Friday, May 29, 2009
I'm not much of a pasta-eater for someone of Italian descent, but I couldn't think of a more delicious way to try my first fiddleheads than with butterfly pasta. My friend K.K suggested that I cook them with lemon butter, and the notion of eating these in a light, clear sauce stuck with me. I adapted this recipe from one I found online, adding a couple of things I enjoy.
The first step was to blanch the rinsed fiddleheads in boiling salted water for 2 or 3 minutes. Then I rinsed them in cold water and added my butterfly pasta to the already boiling pot.
When the pasta is 2 or 3 minutes away from being al dente, saute 3 or 4 cloves of garlic, sliced, in 3 tbsp butter or margerine, until just brown.

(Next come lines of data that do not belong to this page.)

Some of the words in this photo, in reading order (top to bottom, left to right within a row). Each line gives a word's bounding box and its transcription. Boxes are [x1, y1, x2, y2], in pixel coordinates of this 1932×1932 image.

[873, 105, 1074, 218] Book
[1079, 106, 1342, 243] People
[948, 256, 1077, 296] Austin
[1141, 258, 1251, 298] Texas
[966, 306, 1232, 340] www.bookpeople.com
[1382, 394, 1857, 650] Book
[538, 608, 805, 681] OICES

At this point, I added some dry chilis because I love a little kick to my pasta, especially if it's a light dish.
Drain the pasta and rinse in cold water. Then add the juice of 1/2 a juicy lemon to the margerine and garlic and allow to thicken (it will likely take only a few seconds)
Add the fiddleheads and toss, then add the pasta and toss. Keep on the heat, tossing, until the pasta is coated and most of the liquid is absorbed.
At this point you can season with salt, pepper, or cheese if you like.